Classical frictional fault reactivation models indicate that slip along misoriented fault planes is not possible under most conditions. Nevertheless, active or exhumed low-angle normal faults have been described in many settings worldwide. This discrepancy is addressed by contrasting models: (1) those proposing that low-angle normal faults result from postkinematic passive rotation of former high-angle extensional faults; and (2) those proposing that specific conditions can promote slip along misoriented fault planes. This paper describes the Tellaro detachment, a mid–late Miocene low-angle normal fault that was responsible for ∼500 m of tectonic vertical thinning in the carbonate-dominated Triassic to Lower Miocene succession of the Northern Apennines, Italy.
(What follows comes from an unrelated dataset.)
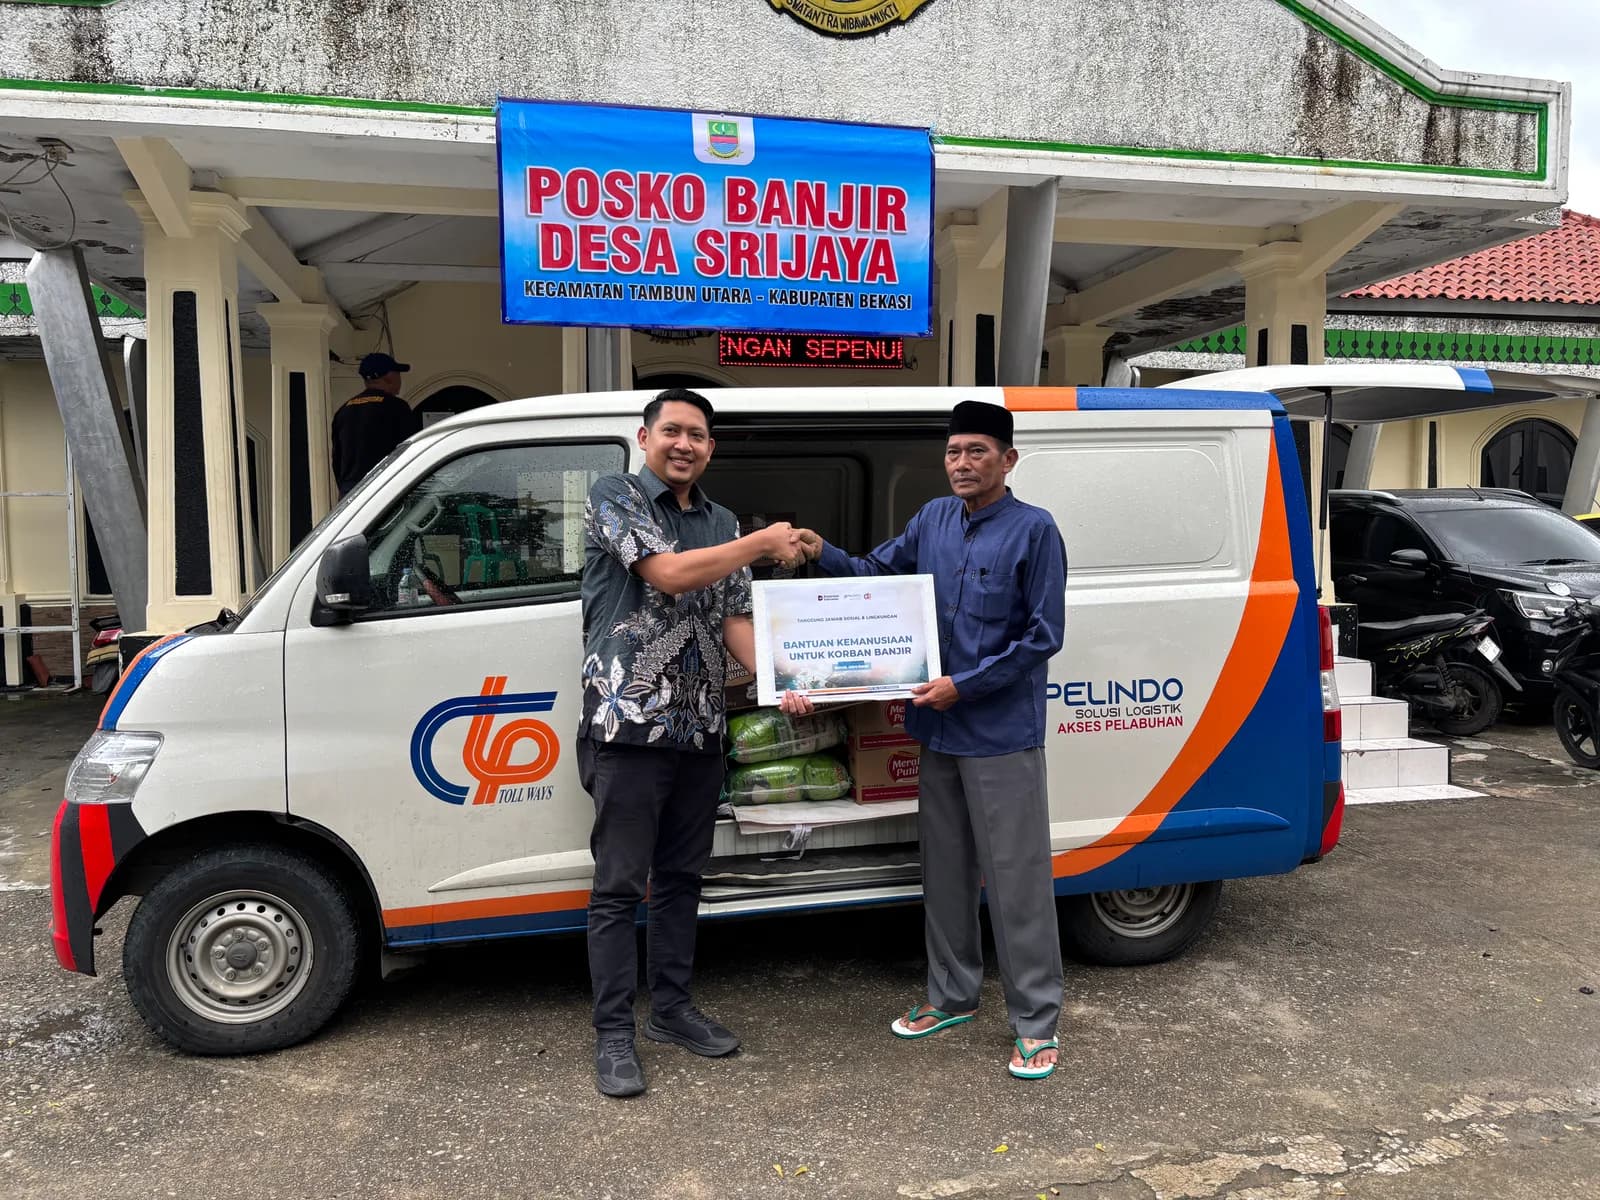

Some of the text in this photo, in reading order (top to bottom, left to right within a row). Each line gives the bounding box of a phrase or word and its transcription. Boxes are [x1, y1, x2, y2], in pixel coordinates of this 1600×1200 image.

By integrating structural, petrographic, isotopic, and fluid inclusion data, we show that: (1) the main kinematic activity of the Tellaro detachment occurred between ∼8 and 4 km depths and peak temperature ∼190 °C; (2) dilational breccias, tens of cubic meters in volume, are frequently associated with major low-angle fault segments; (3) slip along misoriented planes was favored by elevated fluid pressures and low differential stress; and (4) the fault system was characterized by transient permeability pulses and overpressure buildups, associated with multiple fracturing and cementation events that caused the downward migration of master slip surfaces. Results presented in this study show that: (1) in a fluid-active regime, continental crustal thinning can occur for shallow values of fault dip; (2) low-angle normal faults have a great influence on fluid circulation within the upper crust; and (3) episodic permeability enhancement and destruction in detachment faults can promote overpressure buildups, triggering deformation episodes.